Being able to co-ordinate steps across multiple nodes while maintaining state is precisely what Ansible is made for.
However, in this scenario, I’d still suggest that some of the more complex logic should be abstracted out into specific scripts so that they can be run and tested in isolation.
Alternatives
The following might be good alternatives if you don’t need everything Ansible provides (good and bad).
Alternative - Taskfile
Task is as a single binary, which lets write and run
Taskfile.yaml
s. In a scenario where we’re simply running sequential stages on
a single host, this might be enough, meaning we don’t need to even touch Ansible.

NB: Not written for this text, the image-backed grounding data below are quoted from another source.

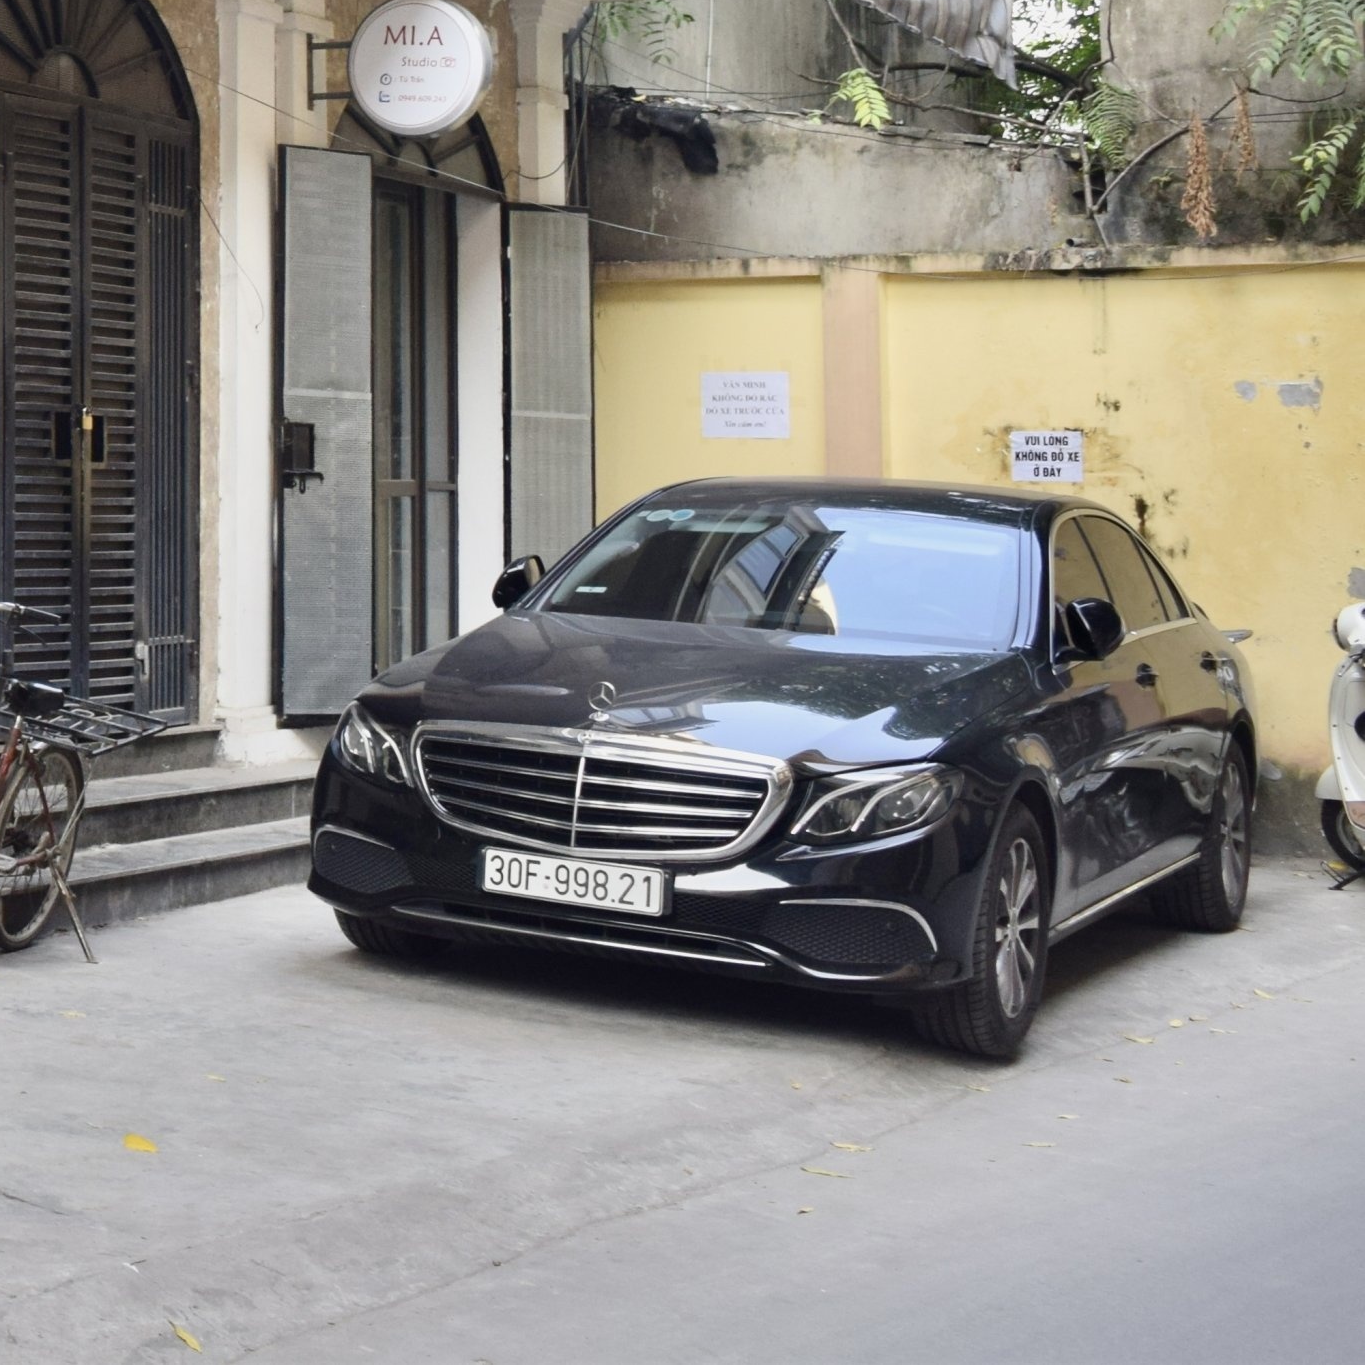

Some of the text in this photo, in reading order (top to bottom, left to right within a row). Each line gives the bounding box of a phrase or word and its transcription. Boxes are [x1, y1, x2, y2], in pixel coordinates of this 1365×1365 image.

[383, 25, 443, 46] MI.A
[401, 56, 438, 67] Studio
[743, 381, 766, 389] MINH
[712, 392, 743, 402] KHÔNG
[720, 407, 730, 415] XE
[724, 420, 737, 428] Xin
[1024, 434, 1069, 446] VUI LÒNG
[1015, 449, 1048, 462] KHÔNG
[1067, 451, 1080, 462] XE
[1042, 465, 1062, 477] ĐÂY
[490, 854, 652, 908] 30F-998.21
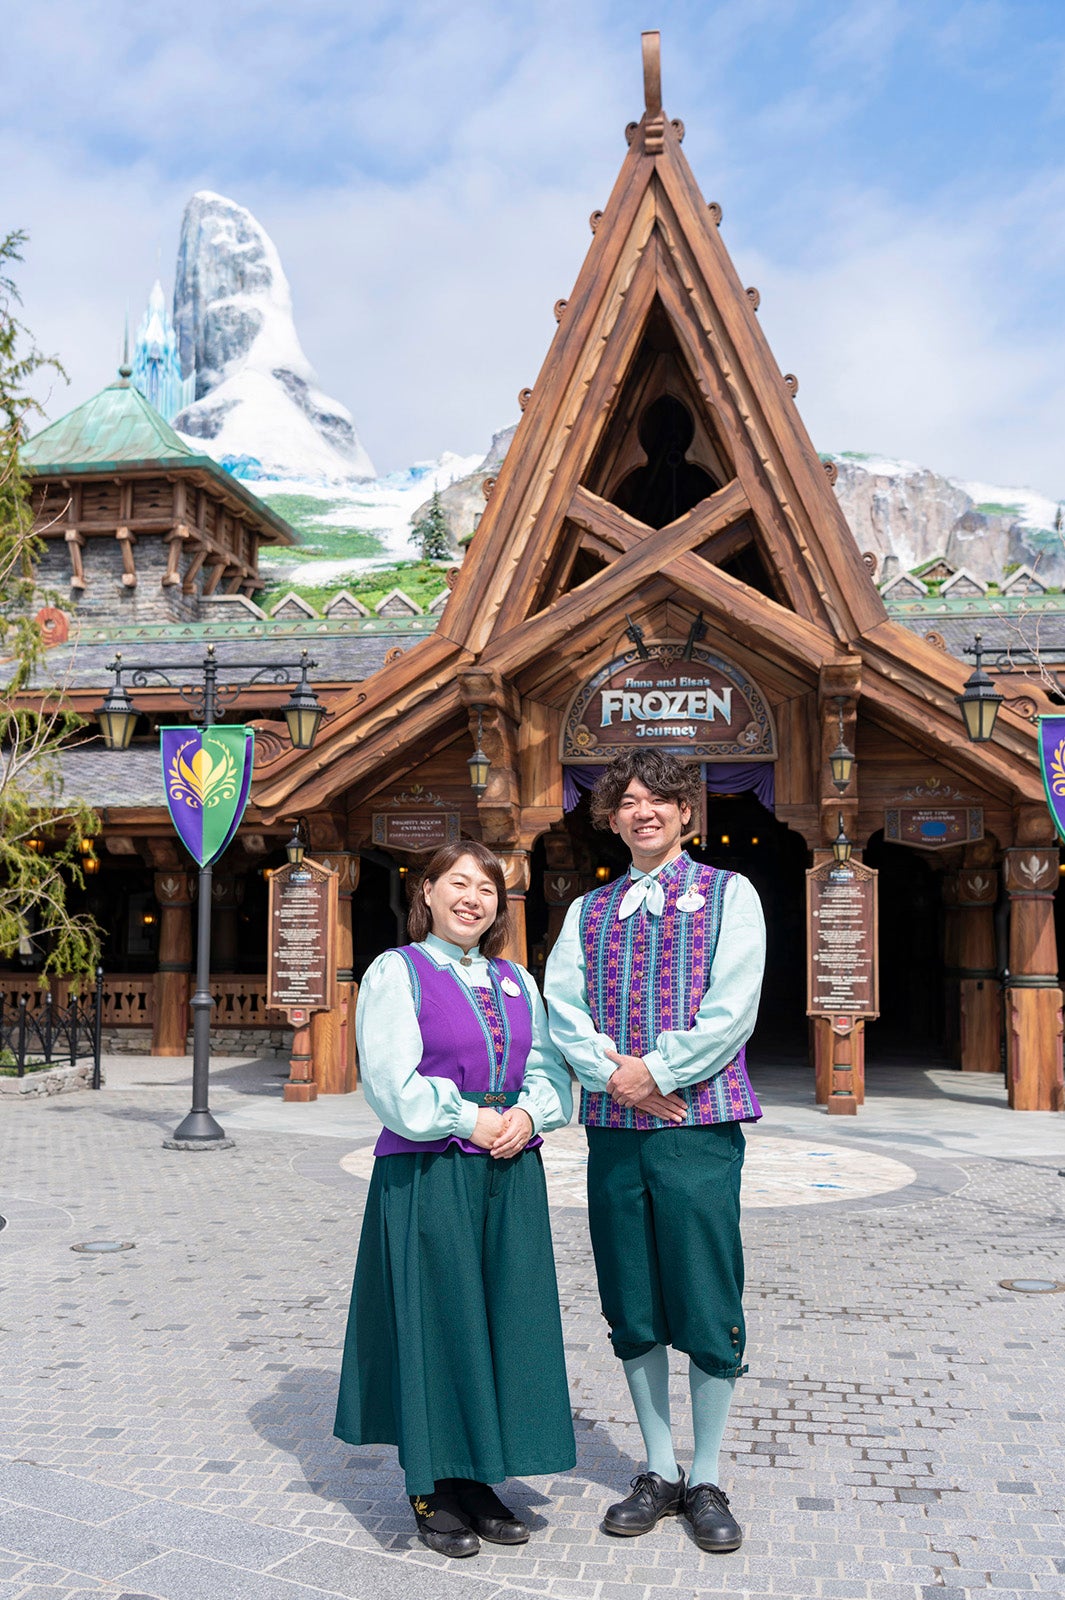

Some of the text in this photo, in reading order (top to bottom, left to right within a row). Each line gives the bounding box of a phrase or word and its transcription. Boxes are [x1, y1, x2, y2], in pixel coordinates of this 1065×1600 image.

[624, 676, 711, 689] Anna and Elsa's
[600, 687, 733, 728] FROZEN
[635, 724, 698, 738] Journey
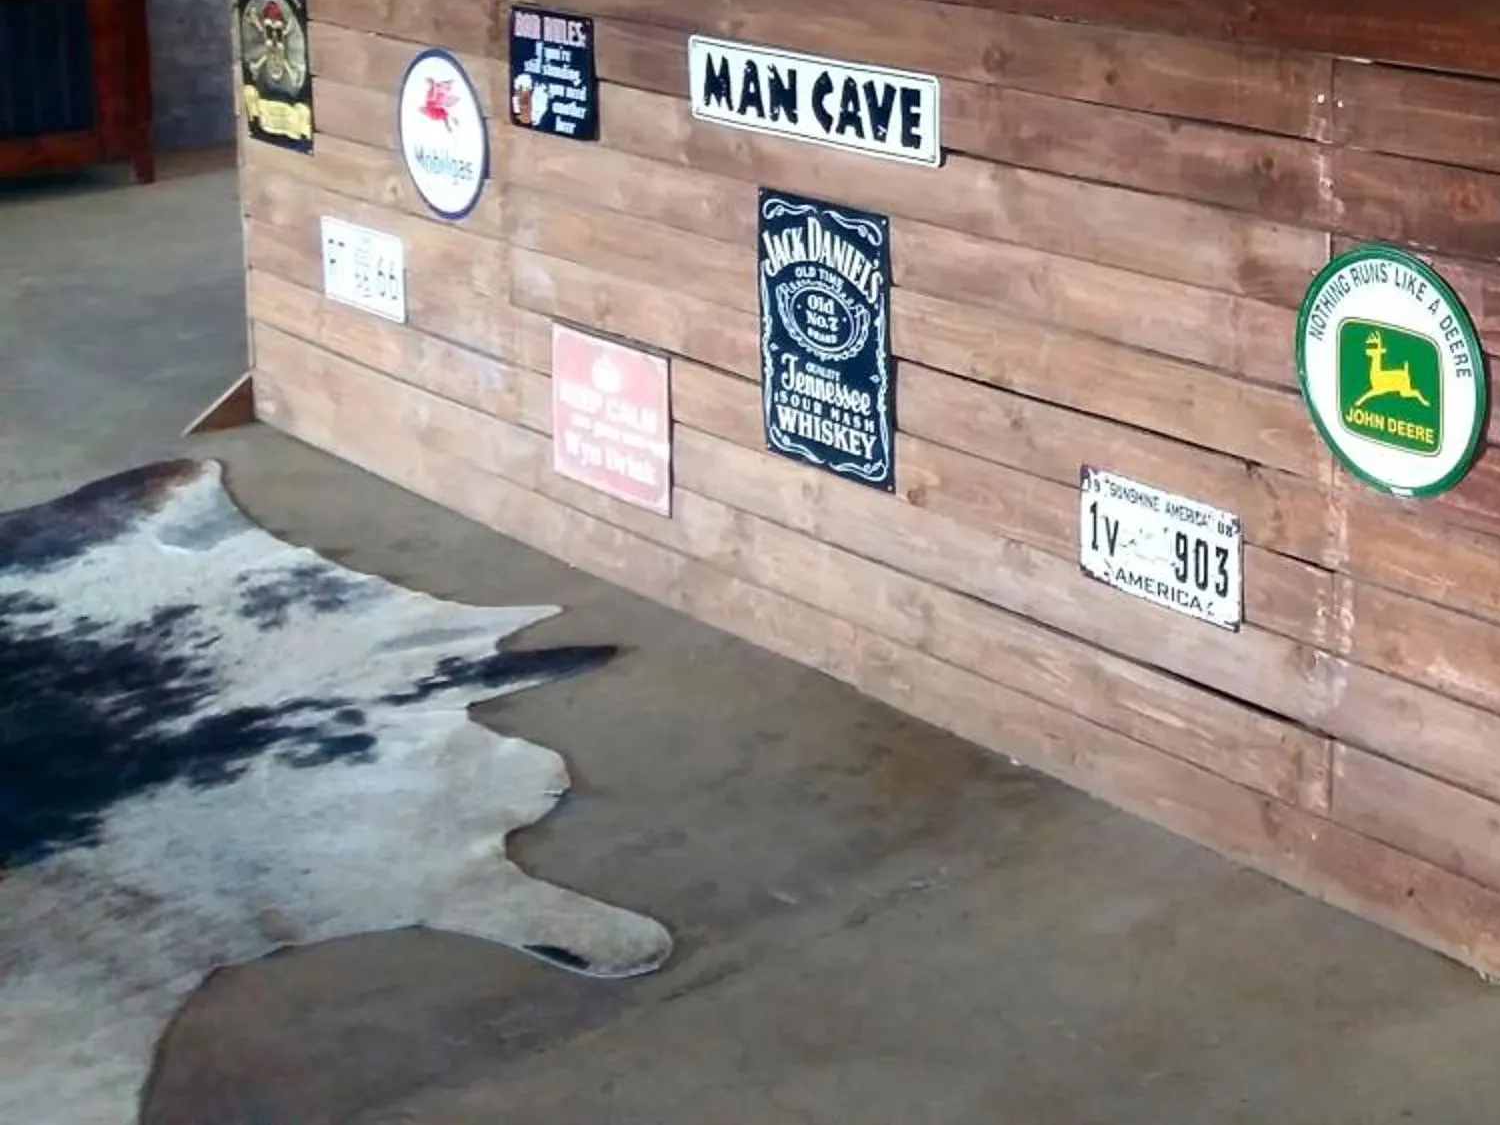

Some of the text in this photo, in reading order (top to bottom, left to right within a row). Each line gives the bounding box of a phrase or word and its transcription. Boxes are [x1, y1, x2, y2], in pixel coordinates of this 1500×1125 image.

[704, 52, 921, 149] MAN CAVE
[762, 216, 884, 304] JACK DANIEL'S
[807, 295, 835, 315] Old
[1308, 262, 1473, 379] NOTHING RUNS LIKE A DEERE
[779, 390, 876, 433] SOUR MASH
[780, 352, 872, 416] Tennessee
[775, 404, 877, 460] WHISKEY
[1345, 406, 1435, 445] JOHN DEERE
[1114, 566, 1204, 612] AMERICA
[1174, 530, 1229, 599] 903
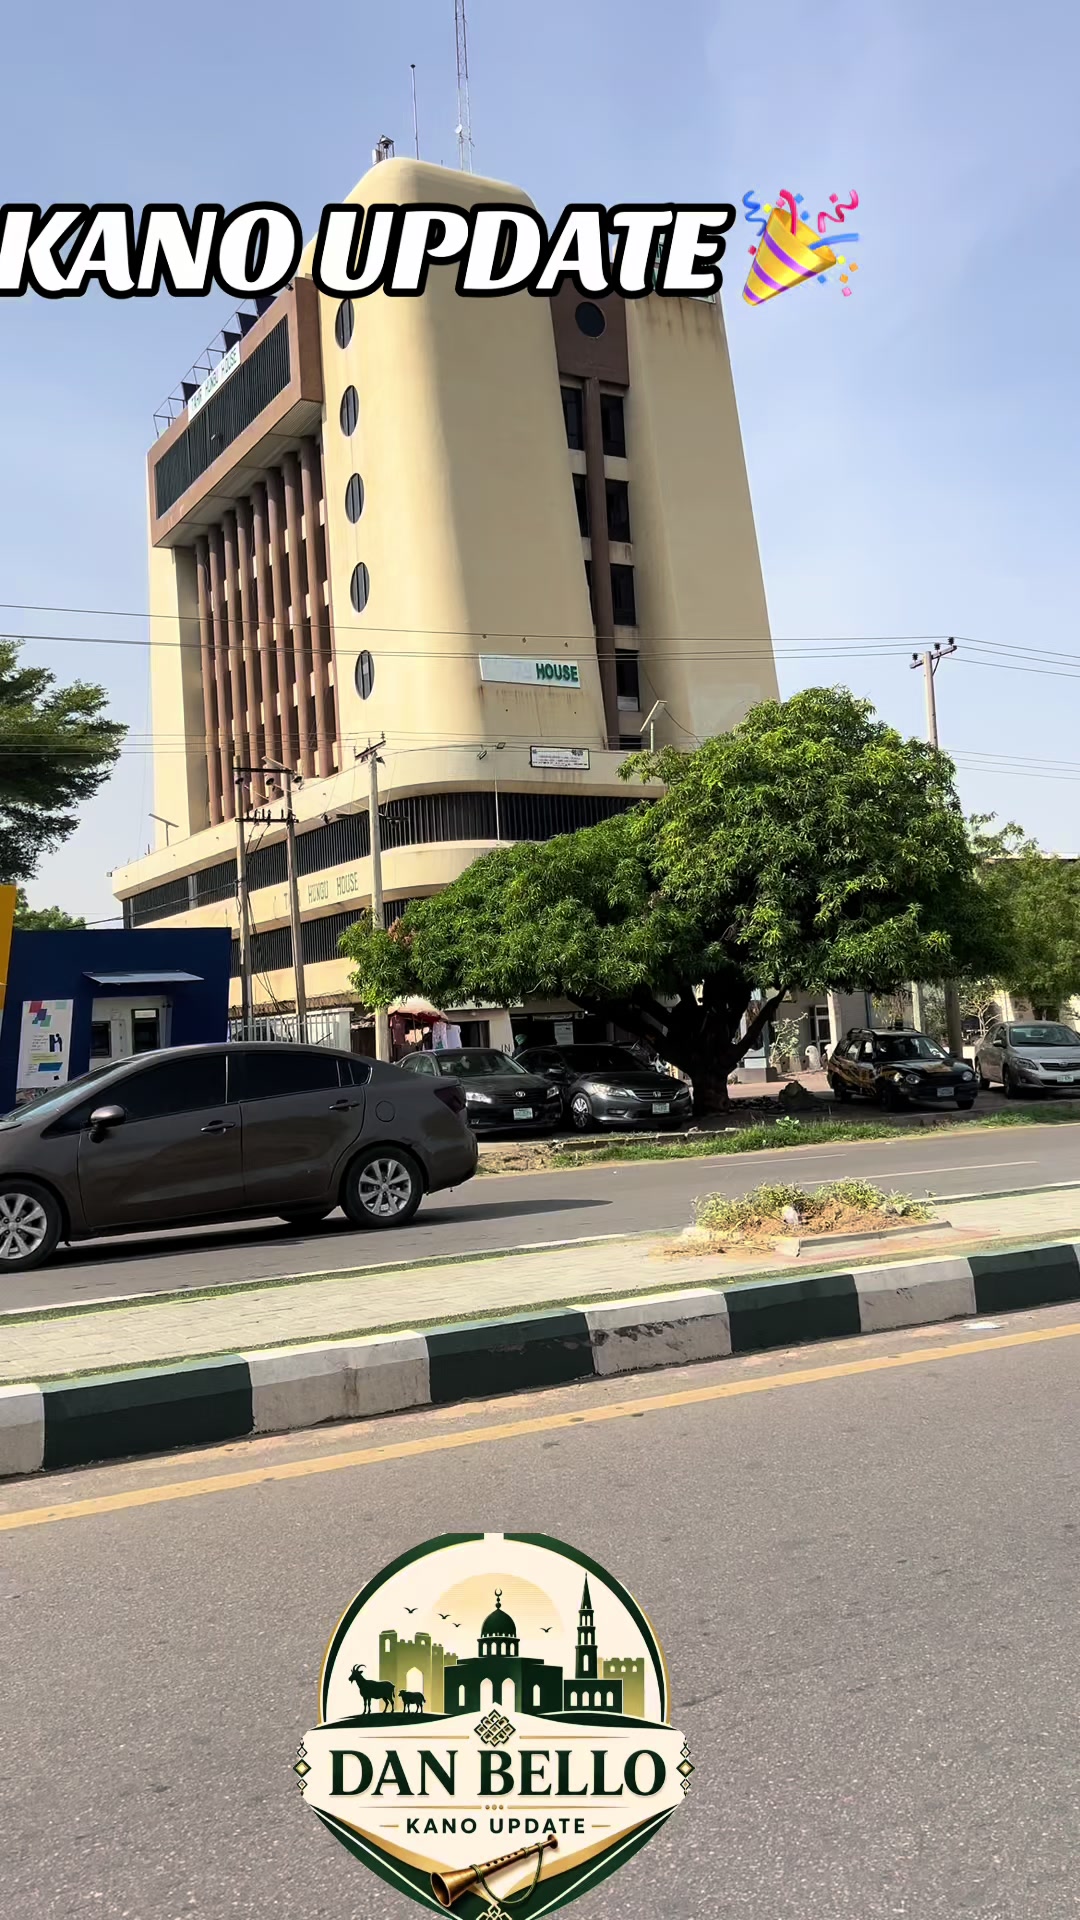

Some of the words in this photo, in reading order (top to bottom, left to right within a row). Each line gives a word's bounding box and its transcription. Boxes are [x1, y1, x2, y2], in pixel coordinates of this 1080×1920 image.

This is essentially a modern take on Make
, that is data-driven and doesn’t add
any arcane syntax. As well as this, dependency ordering and parallelism are
available out of the box.
Alternative - A custom shell script or CLI tool
This option should be approached carefully as it’s ultimately more of a burden to maintain, but at the same time this approach provides the most flexibility.
The user experience from providing bespoke subcommands, arguments and flags as well as help docs and auto-completion is way above that of running an Ansible playbook.
And it’s really not that hard to get started with the likes of
Viper (Go) or Clap (Rust),
which can ultimately provide a portable, statically-linked binary, or they can be run
from source (go run
, cargo run
, etc.).
Conclusion
Don’t be afraid to branch out and assess other tools.
You can still keep your core in Ansible if it’s a good fit, but delegate tasks to the best tools for the job!